The Downfall of the Investment Banking Model

Niels Jensen and Jan Wilhelmsen, of Absolute Return Partners via Infectious Greed.

What is truly disgraceful is that investment banks could only manage returns on equity of 15-25% with a balance sheet that was often leveraged to the sky.
Using Lehman as an example, below is a quick and dirty explanation as to why investment banks were "only" able to achieve 15-25% return on equity and why it wasn't necessarily "disgraceful" (on an individual bank by bank basis), but rather a function of how these banks functioned in a framework that should not have been allowed.
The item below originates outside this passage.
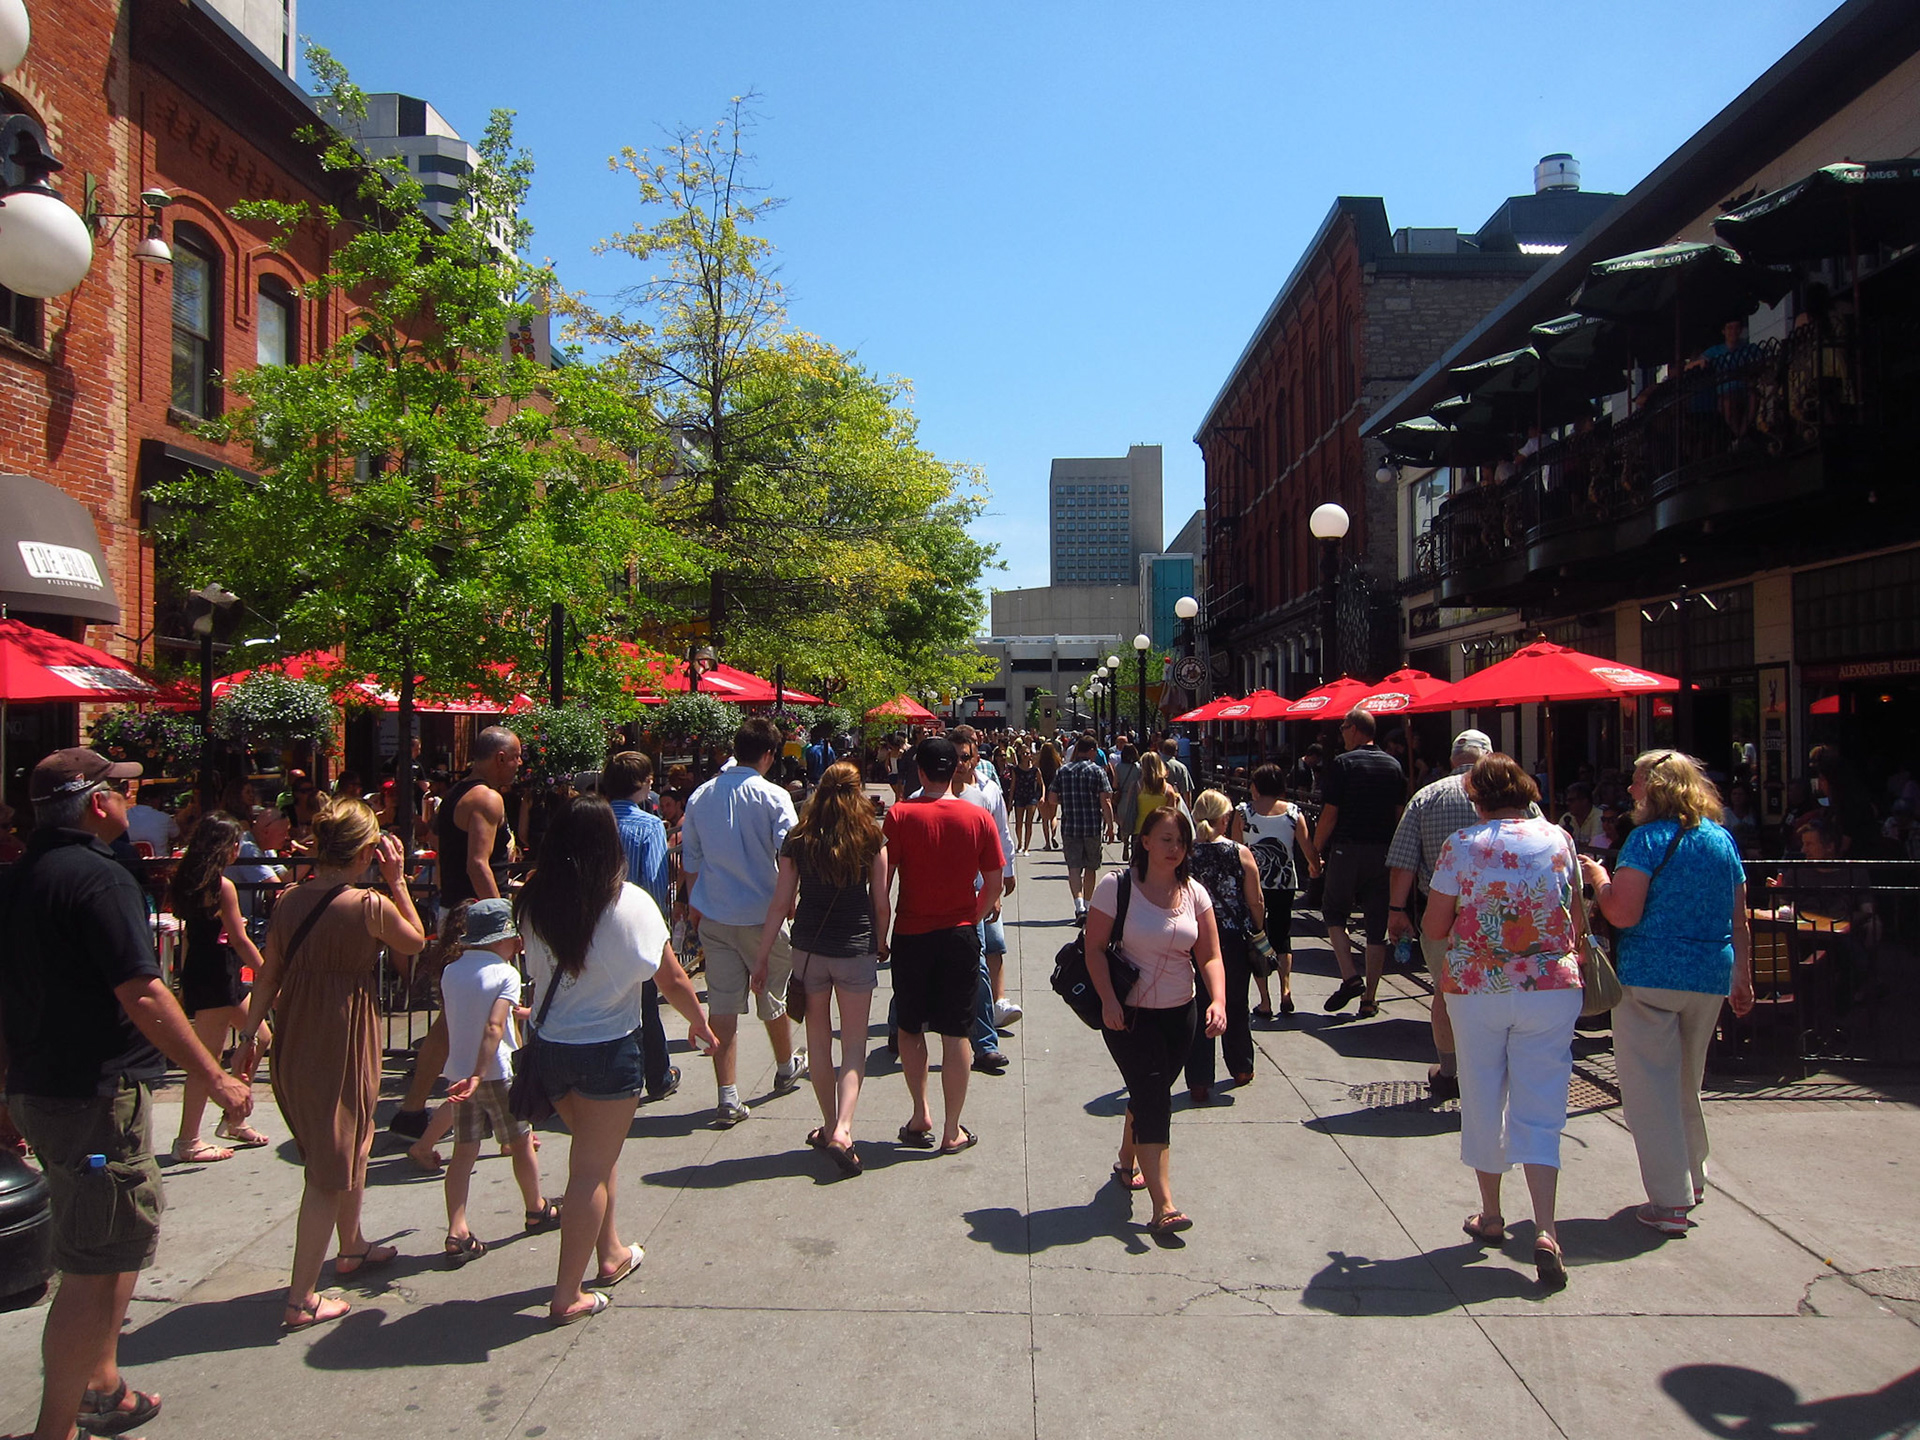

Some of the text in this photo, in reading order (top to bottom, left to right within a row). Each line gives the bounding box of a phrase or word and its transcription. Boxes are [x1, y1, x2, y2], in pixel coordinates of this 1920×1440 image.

[1605, 250, 1698, 273] ALEXANDER KEITH'S
[25, 545, 60, 575] THE
[1839, 662, 1892, 679] ALEXANDER
In fact, I argue that these aggressive return targets played an integral role in the downfall of the investment banking model.

Net Income:
While Lehman's net income did in fact rise dramatically from 2003-2007, it pales in comparison to what Lehman Brothers (and others) paid their employees. In 2007, Lehman paid their employees well in excess of $300,000 per year ON AVERAGE. To see how large this was in comparison to the net income of the firm, if salaries in 2007 were at 2003 levels per employee (still $260,000+), return on equity would have been 30% instead of the 20% level reported.
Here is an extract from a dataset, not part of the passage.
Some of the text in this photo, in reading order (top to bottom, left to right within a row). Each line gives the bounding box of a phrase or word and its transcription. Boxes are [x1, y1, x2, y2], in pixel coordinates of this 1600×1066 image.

To pay for these increased salaries and still reach their 15-25% return on equity (from a growing equity base), Lehman increasingly turned to leverage (when a firm needs to return almost $4B rather than $2B to reach their target, strategies that previously would have been turned down, are now accepted. These lower returning strategies are then amplified through leverage).

As can be seen below, this is exactly what happened. From 2003-2007 average salaries skyrocketed as banks outbid one another for new talent (more projects requires more employees), leverage increased dramatically as Lehman's went from less than 24x to 31x (and remember this is more leverage off of a larger base number), all the while return on equity wasn't able to keep up with both the increase in salary or leverage.

So do I think 15-25% is "disgraceful"? On an individual bank by bank level, I don't think so. Lehman (and other banks) had to act in this manner to survive as ALL banks acted in this low-risk (for the most part it's not their money) / high-reward environment.

The thing I find "disgraceful" is that this was was allowed to happen, as it was never really beneficial for anyone besides the bankers and was in fact detrimental to our people, economy, and country.